Therefore, I think that the amendments have served a useful purpose in telling people outside that we are concerned with a very small matter. If I say that they will see that the Committee leaves no stone unturned, I think that they will get the message.

Lord Harvington

I should like to ask the noble Lord why this should be so. A number of my noble friends in this House have had their land used for opencast coal mining, and it has looked pretty terrible when it has been carried out. To my certain knowledge all that land has been restored and today looks as though it has never been touched. How does it come about that a situation exists, which does not seem to be denied by the Government Front Bench and which has been put forward by noble Lords opposite, that there are such areas in central London? Can anyone explain to me why it is that in other areas of the country these matters have been put right and yet have never been touched in an area so full of people and where amenity is of such great value that it seems impossible to believe that such a state of affairs could exist? I should like to know the answer.

Lord Graham of Edmonton

One answer might be that the restoration of the land after coal has been extracted from it has been the responsibility of a nationalised industry, the National Coal Board. I cast no aspersions. I have used the words "careless"—in other words, the lack of proper enforcement by private companies which have enjoyed the benefits and paid for them, and have accepted the planning authorities' conditions; and sometimes these matters are not put right. I simply use my own very limited experience of the Hertfordshire and Essex area. Large lagoons are created. The fact that they are not filled in provides an opportunity for leisure. Many areas in Buckinghamshire have large leisure facilities which have been born out of this.
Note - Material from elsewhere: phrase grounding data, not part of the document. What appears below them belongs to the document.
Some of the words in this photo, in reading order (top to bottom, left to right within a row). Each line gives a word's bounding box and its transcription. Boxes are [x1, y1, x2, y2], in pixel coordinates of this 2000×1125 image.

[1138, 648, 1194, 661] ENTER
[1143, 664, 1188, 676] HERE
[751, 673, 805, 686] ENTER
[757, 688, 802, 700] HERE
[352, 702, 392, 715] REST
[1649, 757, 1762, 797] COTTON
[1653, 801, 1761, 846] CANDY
I do not make a severe criticism; we are simply trying to take the opportunity of this Bill to put right this matter. I accept the Minister's argument that the case has not been made out for special, separate treatment for London. What we want for London we want extended to the rest of the country.

10 p.m.

Viscount Colville of Culross

I just wonder whether we do, just as simply as that. The noble Lord, Lord Graham, has just said that when it comes to open-cast workings the requirements for restoration may or may not have been fulfilled. I do not know how familiar the noble Lord is with the workings of the 1958 Act, particularly as the responsibility has just recently been transferred from the Department of Energy to the Department of the Environment. However, if the noble Lord were to look into this in any detail, I think he would find that the deemed planning permission which was granted by the 1958 Act included planning conditions about restoration which, as the years have proceeded, have become increasingly complicated and comprehensive and have certainly brought in the Ministry of Agriculture's special attention, because they in fact supervise these sites for five years.
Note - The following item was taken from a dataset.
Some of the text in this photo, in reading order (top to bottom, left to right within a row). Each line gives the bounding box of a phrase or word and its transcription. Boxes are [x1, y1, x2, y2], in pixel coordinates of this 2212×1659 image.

I can tell him from long personal experience now that the restoration procedures have improved quite enormously from the days when this was done under the defence regulations, and even leading up to the introduction of the 1958 Act. If he were to look at this in greater detail I think he would agree that it would be a mistake to generalise from that particular aspect of mineral extraction, where there have long been attached to the deemed planning consent formidably complicated restoration conditions which are enforced, and to extrapolate those to other things.

I appreciate that it is a good thing to discuss this type of matter, and both he and the noble Lord, Lord Lloyd of Kilgerran, are of course right to take any opportunity they can, but there are two other matters in this group of amendments that I wonder whether we ought just lightly to say should be floated upon parliamentary opinion without any further consideration.
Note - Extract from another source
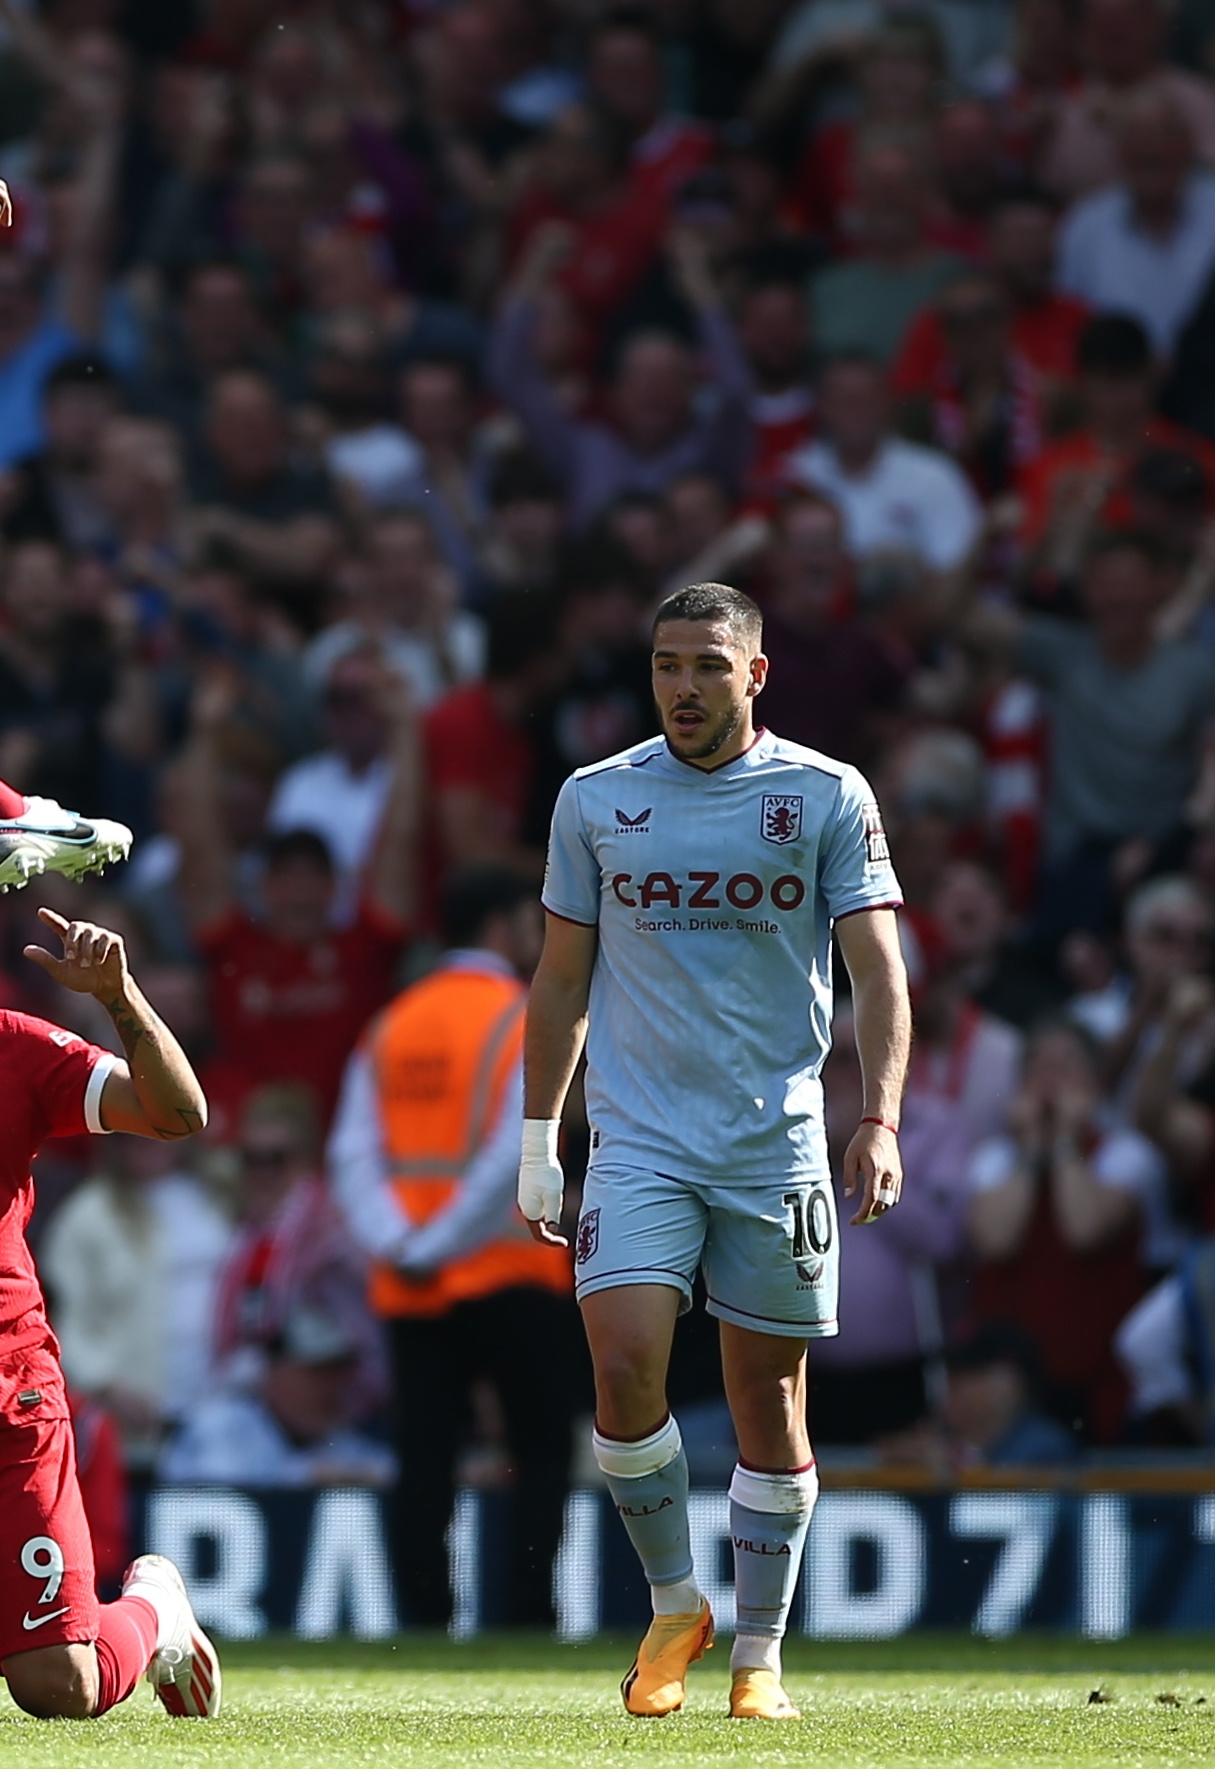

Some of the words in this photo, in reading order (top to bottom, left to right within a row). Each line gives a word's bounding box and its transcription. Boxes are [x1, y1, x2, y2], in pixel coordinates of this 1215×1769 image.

In Amendment No. 17C(b) we, for the first time in history, require an enforcement notice to be issued. Goodness knows how many people have tried since the planning legislation was introduced to force local planning authorities to take enforcement action about something or other that they do not like in their area. It has been a constant, underpinning system of the enforcement notice procedure that it is discretionary upon a local authority, taking account of the development plan and all other relevant circumstances, whether or not they wish to issue enforcement proceedings. Here, for the first time that I have ever heard of, is a mandatory duty which would be enforceable in the courts.

It is a huge step because these matters are immensely sensitive. There is every gradation in the world involved in possible enforcement proceedings from the absolutely minute and petty to the vast and terribly important. Can we lightly, at the Committee stage of something which, to be perfectly honest, I doubt goes centrally to the issue of the whole corpus of town and country planning legislation, introduce for the first time a mandatory procedure of this sort? Goodness knows what it would lead to. I think that the noble Lord, Lord Lloyd of Kilgerran, will himself wish to consider seriously what he is introducing by way of a precedent.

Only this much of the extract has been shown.